I was sad then, for a moment. Sad because the stress of this past year stretched so tight across my shoulders, and I saw the careless way the others leaned and laughed. Saw the relative ease before them, for just a little while, before these unaccountably beautiful hipsters all around us started solidifying on their own.
But I realized a few things, too. Some of the pains I live with are pains I chose, like childbirth. So many of these difficulties are just the childbirthing of a new era in our married life together—something we might call "middle age," though we'd balk at actually saying that out loud.
We've reached out for help and wisdom to help us navigate this stormy patch. Like children reaching for parents' hands, we've trusted the advice of those older, wiser, more sage than us—voices that have advised us to stay the course, to steer our ships with care, to work as hard as we can to continue to mesh and meld our paths even as storms raged in the midst. At times this seemed literally impossible. I listened to stories of Jesus asleep in a boat in a maelstrom and felt so far removed from this boy Savior. "Just like a child," I thought, bitterly. Sleeping while all hell breaks loose.
But maybe, I thought tonight, catching my husband's hand across the appetizer, maybe Jesus was doing more than sleeping. Maybe he was also trusting. Maybe Jesus was trusting in that way we all have to trust, ultimately, when we choose a life together over a life apart. Maybe he was trusting that rather than panicking or wailing or even working to bail out the boat, with some time to just sit and breathe and even fall asleep, things would take care of themselves.
I think this is the lesson I caught myself learning this evening, on this night when exhaustion shows up on my face more readily than my ability to hide it.
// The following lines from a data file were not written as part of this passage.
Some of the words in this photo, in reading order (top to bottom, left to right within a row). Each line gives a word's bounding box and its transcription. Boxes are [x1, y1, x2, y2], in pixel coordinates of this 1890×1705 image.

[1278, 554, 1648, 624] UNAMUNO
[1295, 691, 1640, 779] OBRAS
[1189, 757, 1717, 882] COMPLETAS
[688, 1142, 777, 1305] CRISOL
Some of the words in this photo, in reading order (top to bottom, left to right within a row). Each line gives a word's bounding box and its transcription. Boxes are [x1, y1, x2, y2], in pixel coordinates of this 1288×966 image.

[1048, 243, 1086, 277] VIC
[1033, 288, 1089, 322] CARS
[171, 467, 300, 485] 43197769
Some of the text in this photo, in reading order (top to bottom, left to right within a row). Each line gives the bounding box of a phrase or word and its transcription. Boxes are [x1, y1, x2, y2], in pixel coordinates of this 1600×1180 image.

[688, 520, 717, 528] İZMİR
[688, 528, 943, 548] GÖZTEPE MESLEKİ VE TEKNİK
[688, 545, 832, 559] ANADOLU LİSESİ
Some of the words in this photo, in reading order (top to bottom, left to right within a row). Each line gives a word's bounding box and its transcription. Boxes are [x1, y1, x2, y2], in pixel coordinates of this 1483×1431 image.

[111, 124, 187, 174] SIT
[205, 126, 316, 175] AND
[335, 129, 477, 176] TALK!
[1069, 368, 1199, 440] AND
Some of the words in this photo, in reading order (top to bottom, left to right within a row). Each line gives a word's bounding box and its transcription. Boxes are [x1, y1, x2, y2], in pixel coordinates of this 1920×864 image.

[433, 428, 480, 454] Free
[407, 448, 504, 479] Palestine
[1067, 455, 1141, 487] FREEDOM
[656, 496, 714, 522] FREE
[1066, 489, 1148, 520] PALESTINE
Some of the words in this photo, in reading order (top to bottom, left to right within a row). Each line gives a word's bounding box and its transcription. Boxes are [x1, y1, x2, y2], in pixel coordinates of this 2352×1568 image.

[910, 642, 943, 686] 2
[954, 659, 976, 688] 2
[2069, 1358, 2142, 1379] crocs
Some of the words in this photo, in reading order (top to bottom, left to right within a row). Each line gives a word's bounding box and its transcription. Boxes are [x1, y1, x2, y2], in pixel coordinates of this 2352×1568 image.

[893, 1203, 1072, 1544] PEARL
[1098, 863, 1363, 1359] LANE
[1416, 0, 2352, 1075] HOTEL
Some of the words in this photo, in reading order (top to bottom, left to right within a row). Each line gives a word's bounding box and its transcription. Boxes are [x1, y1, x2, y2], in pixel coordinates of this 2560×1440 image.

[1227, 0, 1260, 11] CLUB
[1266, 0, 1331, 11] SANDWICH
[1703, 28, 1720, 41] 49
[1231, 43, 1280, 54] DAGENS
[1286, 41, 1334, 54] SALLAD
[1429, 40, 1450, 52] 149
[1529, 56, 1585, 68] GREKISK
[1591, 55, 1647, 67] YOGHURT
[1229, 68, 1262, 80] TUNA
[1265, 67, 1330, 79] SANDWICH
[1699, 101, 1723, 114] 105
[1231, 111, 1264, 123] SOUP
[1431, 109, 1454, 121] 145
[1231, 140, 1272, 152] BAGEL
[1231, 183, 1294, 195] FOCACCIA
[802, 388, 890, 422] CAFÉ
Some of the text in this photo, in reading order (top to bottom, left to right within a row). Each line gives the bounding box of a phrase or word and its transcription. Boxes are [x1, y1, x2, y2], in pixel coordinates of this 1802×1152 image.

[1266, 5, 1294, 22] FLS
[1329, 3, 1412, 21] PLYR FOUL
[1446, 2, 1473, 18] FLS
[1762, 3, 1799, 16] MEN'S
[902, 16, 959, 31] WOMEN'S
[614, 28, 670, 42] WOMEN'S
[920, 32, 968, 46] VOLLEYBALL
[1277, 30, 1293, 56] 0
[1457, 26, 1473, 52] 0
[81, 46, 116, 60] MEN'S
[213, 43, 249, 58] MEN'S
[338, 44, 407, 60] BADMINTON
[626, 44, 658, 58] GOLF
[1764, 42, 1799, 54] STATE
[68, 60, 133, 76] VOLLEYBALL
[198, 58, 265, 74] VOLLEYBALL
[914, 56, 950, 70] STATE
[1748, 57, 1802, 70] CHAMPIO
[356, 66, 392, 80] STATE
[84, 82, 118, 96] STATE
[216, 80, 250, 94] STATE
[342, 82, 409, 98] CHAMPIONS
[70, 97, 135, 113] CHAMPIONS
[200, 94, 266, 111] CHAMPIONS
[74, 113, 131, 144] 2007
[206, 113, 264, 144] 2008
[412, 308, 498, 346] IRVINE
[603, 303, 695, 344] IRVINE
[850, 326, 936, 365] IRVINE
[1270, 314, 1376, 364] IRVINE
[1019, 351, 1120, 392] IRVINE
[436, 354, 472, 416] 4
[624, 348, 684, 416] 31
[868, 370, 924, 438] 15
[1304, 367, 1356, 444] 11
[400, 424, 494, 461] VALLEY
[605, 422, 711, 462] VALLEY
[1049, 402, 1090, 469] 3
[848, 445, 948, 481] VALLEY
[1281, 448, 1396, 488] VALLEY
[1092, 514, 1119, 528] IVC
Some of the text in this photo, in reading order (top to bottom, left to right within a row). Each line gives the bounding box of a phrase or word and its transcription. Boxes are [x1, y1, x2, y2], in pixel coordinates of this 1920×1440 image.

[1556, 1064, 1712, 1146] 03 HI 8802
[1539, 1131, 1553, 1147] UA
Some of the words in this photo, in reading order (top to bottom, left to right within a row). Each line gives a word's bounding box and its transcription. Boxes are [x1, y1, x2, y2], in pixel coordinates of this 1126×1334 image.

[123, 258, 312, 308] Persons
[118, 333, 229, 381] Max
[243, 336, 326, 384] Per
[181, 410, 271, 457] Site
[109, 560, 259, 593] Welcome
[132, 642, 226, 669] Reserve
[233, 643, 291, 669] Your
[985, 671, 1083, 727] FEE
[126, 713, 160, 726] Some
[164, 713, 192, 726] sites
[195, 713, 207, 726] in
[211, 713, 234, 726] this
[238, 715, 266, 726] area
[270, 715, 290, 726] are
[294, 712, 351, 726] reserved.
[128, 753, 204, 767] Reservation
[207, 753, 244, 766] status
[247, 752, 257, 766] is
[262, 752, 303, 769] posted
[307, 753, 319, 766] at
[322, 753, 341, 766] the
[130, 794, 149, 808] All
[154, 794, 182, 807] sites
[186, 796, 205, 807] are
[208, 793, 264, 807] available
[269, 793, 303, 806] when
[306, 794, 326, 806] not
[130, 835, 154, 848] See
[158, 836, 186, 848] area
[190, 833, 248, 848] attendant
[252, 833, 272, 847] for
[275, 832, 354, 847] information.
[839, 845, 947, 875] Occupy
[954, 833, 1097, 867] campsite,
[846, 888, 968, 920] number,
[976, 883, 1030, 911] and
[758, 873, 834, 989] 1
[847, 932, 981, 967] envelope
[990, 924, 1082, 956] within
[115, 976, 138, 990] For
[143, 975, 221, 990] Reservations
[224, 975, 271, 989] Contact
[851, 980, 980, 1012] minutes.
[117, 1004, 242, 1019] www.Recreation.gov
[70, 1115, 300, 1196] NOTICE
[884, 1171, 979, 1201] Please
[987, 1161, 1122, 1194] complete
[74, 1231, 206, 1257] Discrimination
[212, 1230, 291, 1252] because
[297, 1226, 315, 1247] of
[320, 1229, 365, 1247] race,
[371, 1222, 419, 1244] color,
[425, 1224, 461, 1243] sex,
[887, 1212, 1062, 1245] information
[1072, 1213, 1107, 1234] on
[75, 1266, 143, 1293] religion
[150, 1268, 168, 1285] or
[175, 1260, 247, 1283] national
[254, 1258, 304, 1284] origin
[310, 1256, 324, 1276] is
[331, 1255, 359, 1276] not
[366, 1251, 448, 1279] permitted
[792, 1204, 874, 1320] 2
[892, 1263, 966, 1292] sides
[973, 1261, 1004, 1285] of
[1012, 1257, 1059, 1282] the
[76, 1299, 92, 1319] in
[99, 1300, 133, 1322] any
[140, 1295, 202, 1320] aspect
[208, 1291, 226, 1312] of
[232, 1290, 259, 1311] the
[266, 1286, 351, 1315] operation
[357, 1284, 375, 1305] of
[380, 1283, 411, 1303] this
When raising children is difficult and work seems impossible and home seems impossible and just every blooming thing on the earth seems made of a rock too slippery to scale, I have to look in the mirror and see myself and realize that as old as I am, I've never been this old before. I am still learning. I am still, in so many ways, raising myself.
It is in this way tonight that I claim to be a child of God. I claim this not from a place of warm blankets and ease but on the cusp of first steps, the edge of the diving board, the dark at the close of the light switch. God is waiting nearby, somewhere, ready to catch me when I fall. And just as certain: though by now I'm old enough to know how very much it will hurt, and that I must bear the pain, I can forgive myself for tripping. I can forgive and laugh and reach out for the imperfect and beautiful hands of the imperfect and beautiful people around me and know that every moment is still, in its own way, a shining and incredible first.